この記事では、WISCの対象年齢や、検査を受けるタイミングについて整理します。
WISCの対象年齢
WISCは、子どもの知的な働きや認知の特徴を調べるための検査です。
現在日本で使用されているWISC-Vでは、対象年齢は 5歳0か月から16歳11か月まで とされています。
つまり、幼児期の後半から高校生の年代まで、幅広い年齢の子どもを対象に実施される検査です。
実際に検査を受けることが多い年齢
WISCは5歳から受けることができる検査ですが、実際に検査が勧められるタイミングはさまざまです。

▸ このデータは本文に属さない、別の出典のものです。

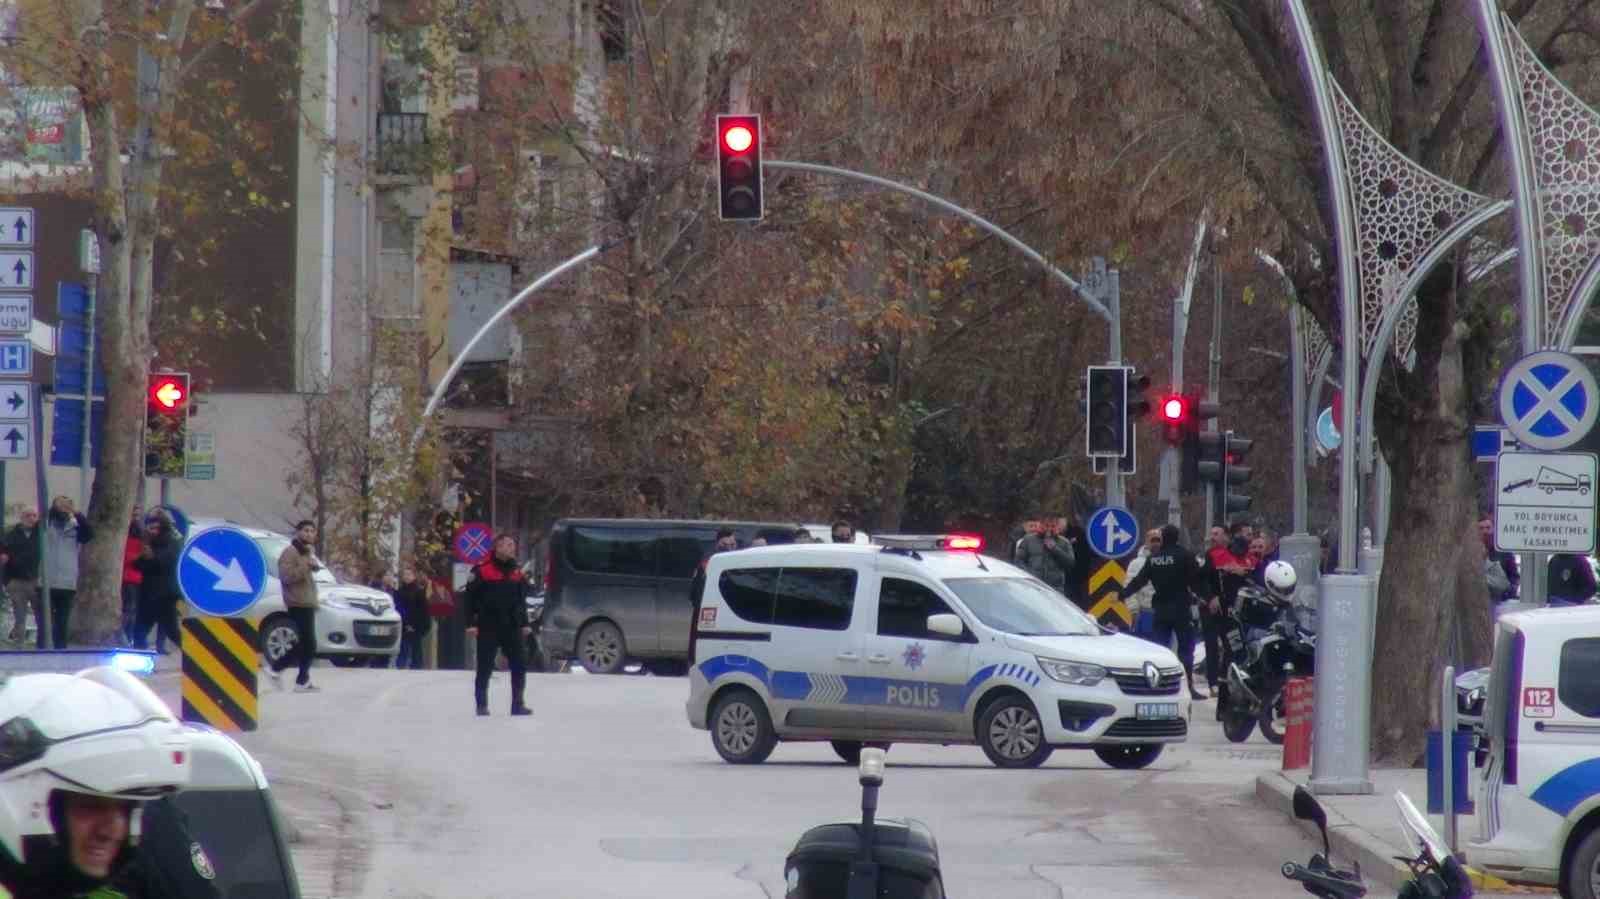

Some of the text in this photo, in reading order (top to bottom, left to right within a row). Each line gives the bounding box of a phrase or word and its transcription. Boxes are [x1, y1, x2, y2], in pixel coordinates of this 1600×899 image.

[1514, 512, 1578, 521] YOL BOYUNCA
[1533, 526, 1588, 535] PARKETMEK
[886, 681, 940, 707] POLİS
[1527, 690, 1551, 705] 112

就学前では、5歳児健診などをきっかけに検査が提案されることがあります。
健診では、集団の中での子どもの様子や、言葉の理解、指示の聞き取りなどの様子が確認されます。
そのうえで、園での生活の様子なども参考にしながら、検査が勧められることがあります。

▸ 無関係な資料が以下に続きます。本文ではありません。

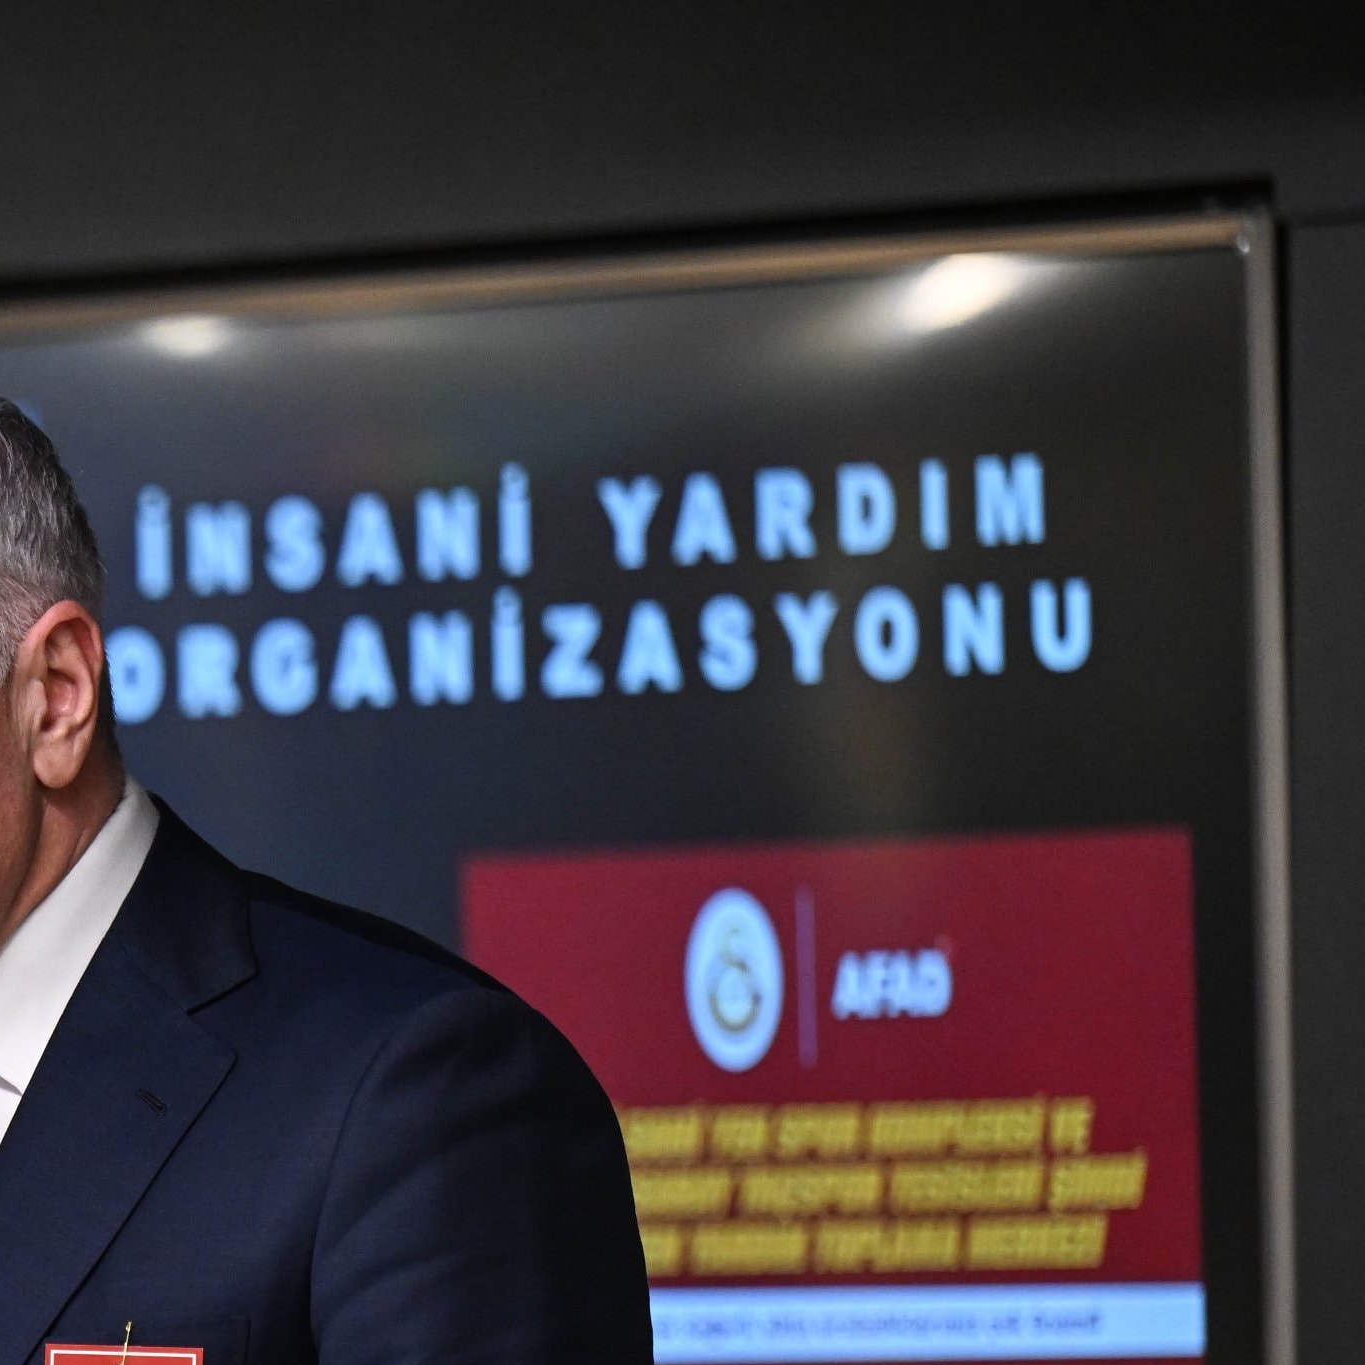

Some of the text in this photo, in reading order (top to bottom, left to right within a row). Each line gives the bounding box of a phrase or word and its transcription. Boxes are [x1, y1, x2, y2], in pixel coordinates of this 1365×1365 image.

[135, 452, 1046, 598] İNSANİ YARDIM
[105, 578, 1093, 723] ORGANİZASYONU
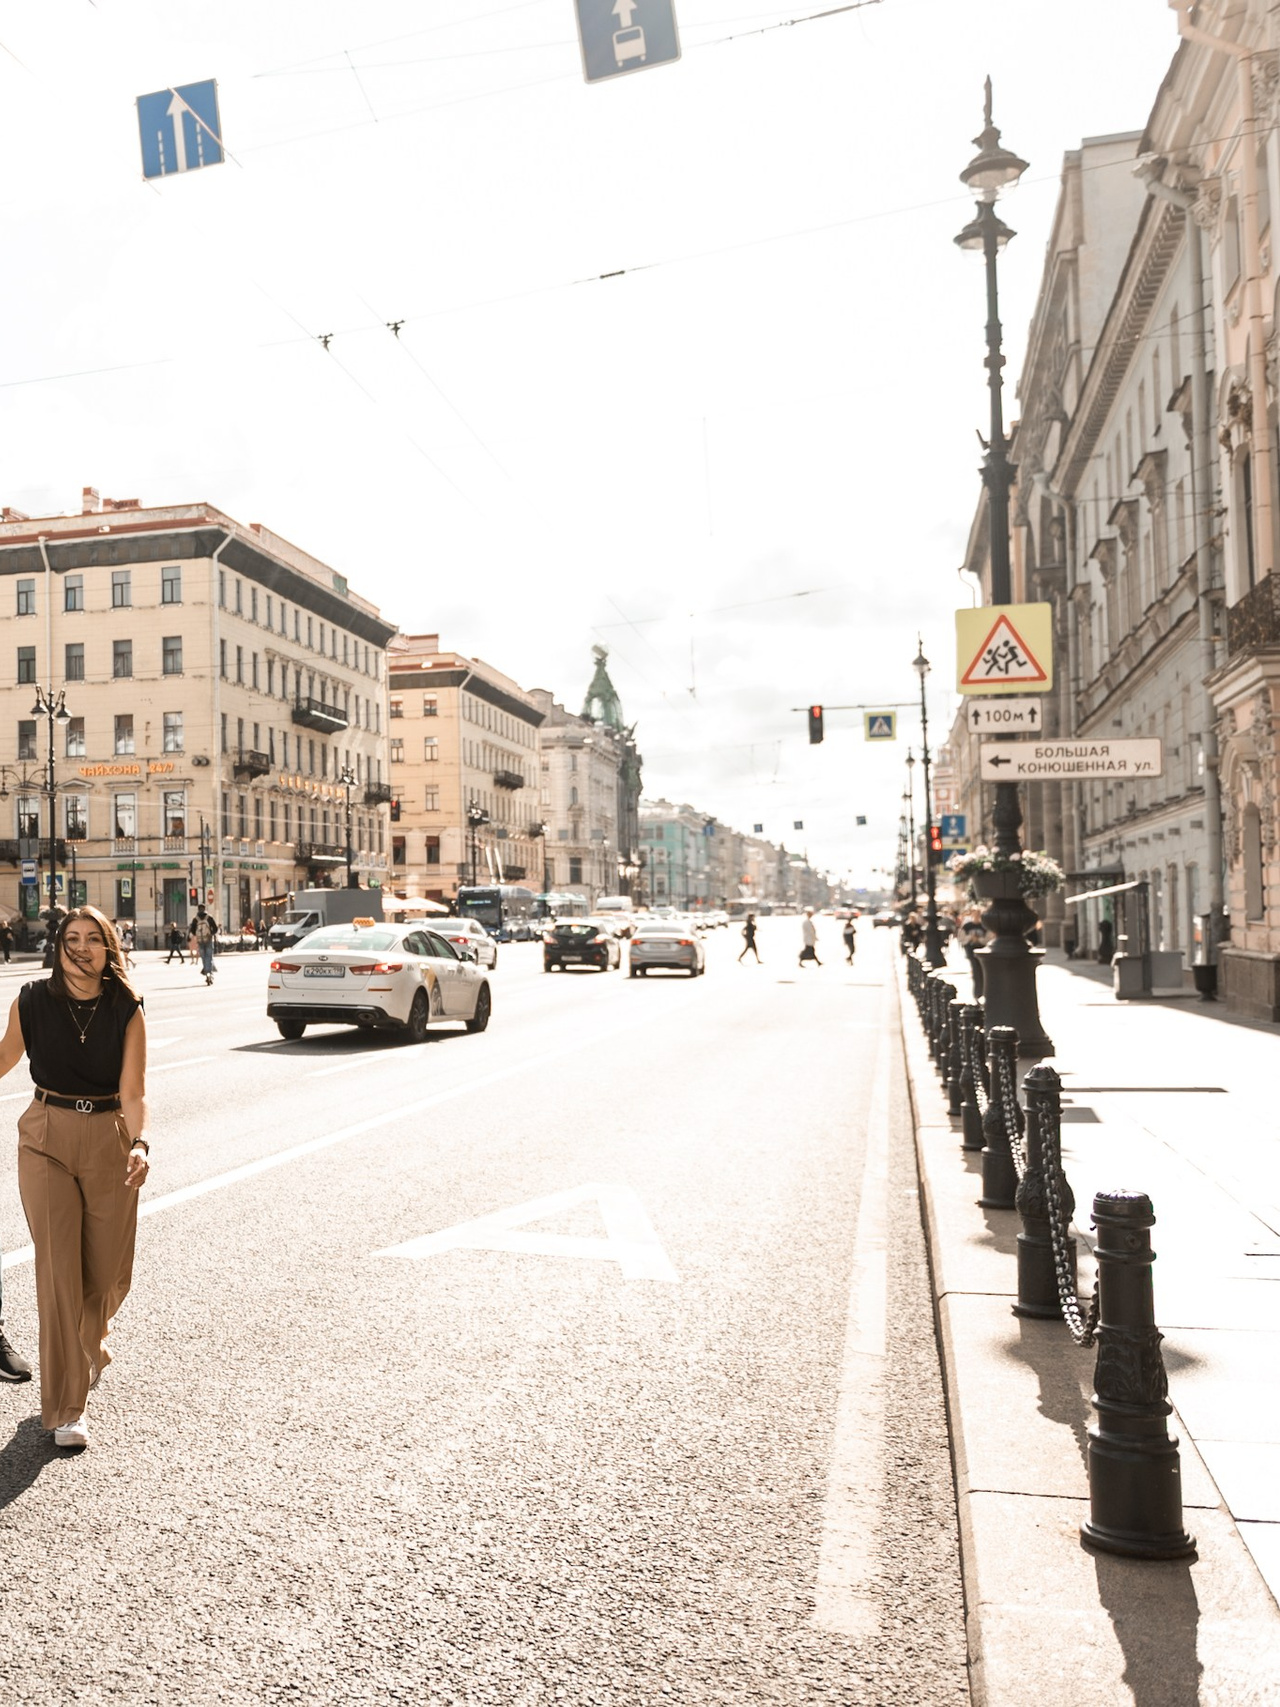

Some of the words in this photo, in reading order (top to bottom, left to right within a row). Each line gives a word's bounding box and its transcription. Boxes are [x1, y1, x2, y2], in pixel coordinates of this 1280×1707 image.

また、小学校に入ってから、学習面や学校生活での困りごとをきっかけに検査が行われる場合もあります。
早すぎることはあるのか
「まだ小さいのに検査を受けても大丈夫なのだろうか」と心配される保護者の方もいます。
WISCは、5歳から実施できるように作られている検査です。
その年齢に合わせた課題が用意されているため、年齢が早すぎるということは基本的にはありません。

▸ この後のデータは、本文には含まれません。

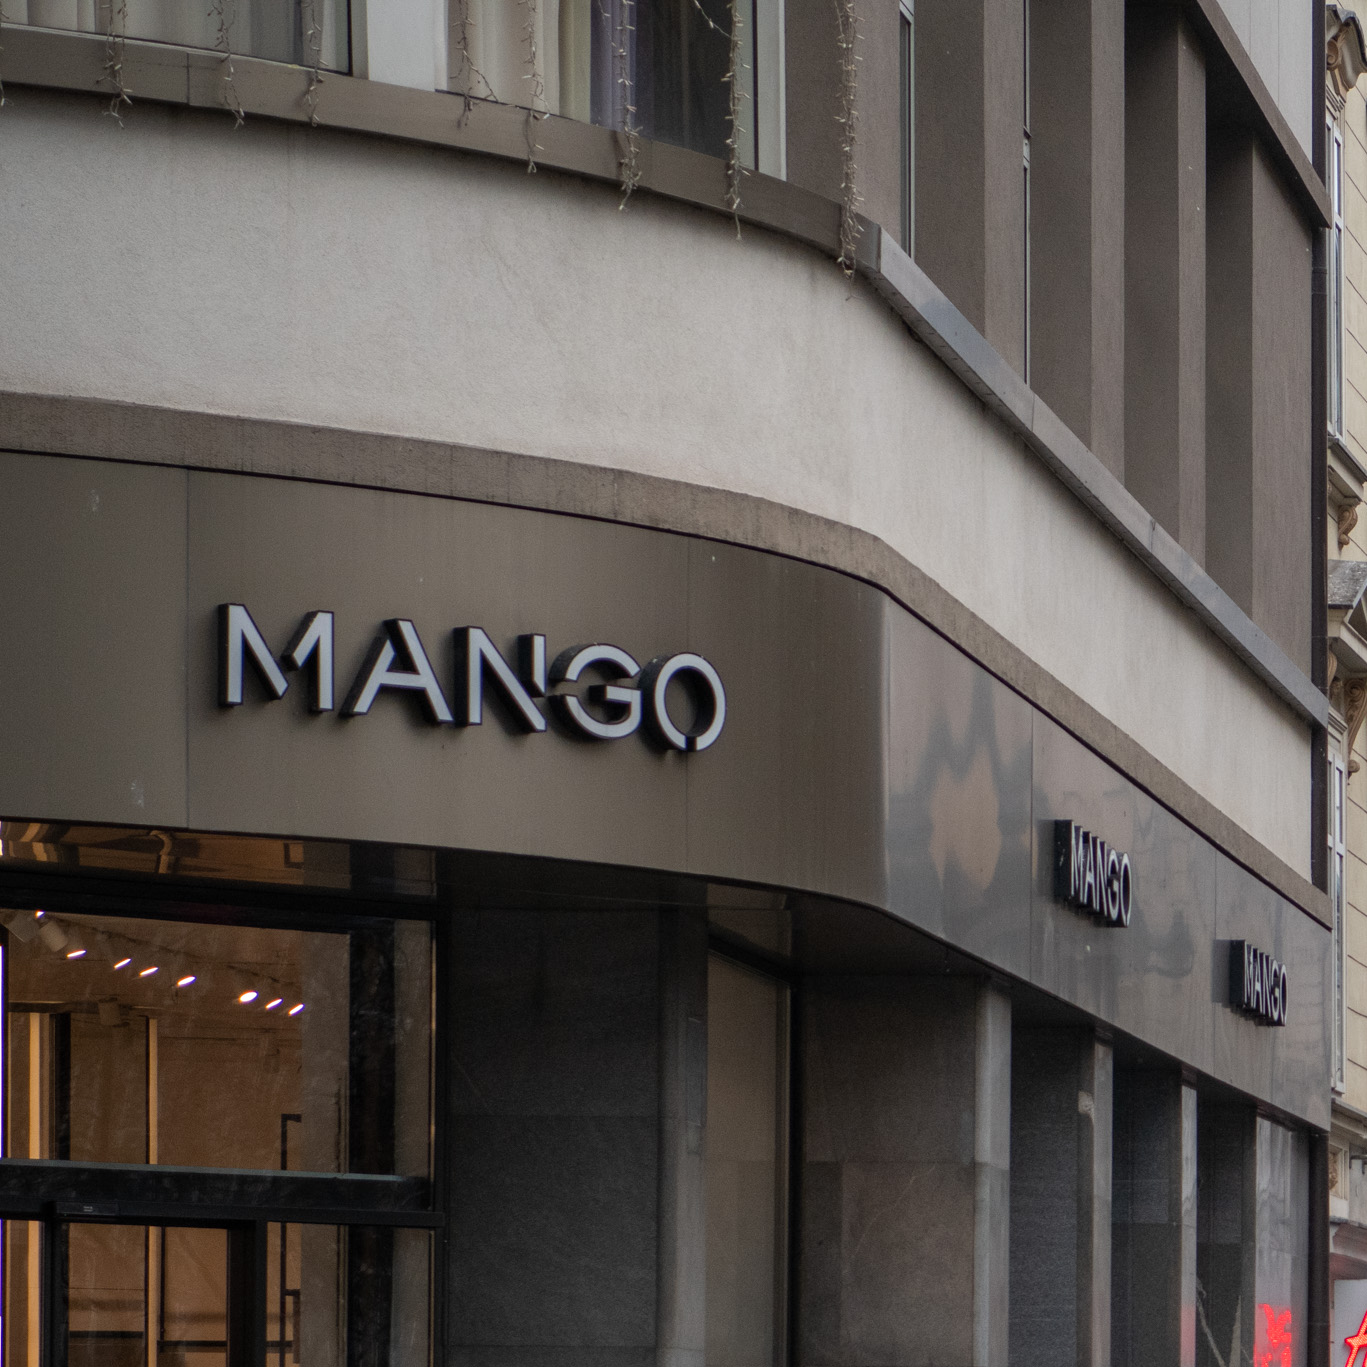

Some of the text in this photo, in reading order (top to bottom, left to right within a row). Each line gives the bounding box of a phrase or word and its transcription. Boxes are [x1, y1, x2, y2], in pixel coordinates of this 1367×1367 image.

[219, 603, 727, 752] MANGO
[1063, 820, 1133, 928] MANGO
[1237, 940, 1289, 1026] MANGO

むしろ、就学前の段階で認知の特徴を理解しておくことで、学校生活への準備につながることもあります。
検査を受けるタイミング
WISCを受けるタイミングは、年齢だけで決まるものではありません。
多くの場合、子どもが日常生活や学校生活の中で感じている困りごとや、発達の様子についての相談をきっかけに検査が提案されます。
また、5歳児健診や就学前の相談などを通して、子どもの特徴をより詳しく理解するために検査が行われることもあります。
大切なのは、検査を受けることそのものではなく、その結果を通して子どもの認知の特徴を理解することです。
そうした理解が、その子に合った関わり方や支援を考える手がかりになります。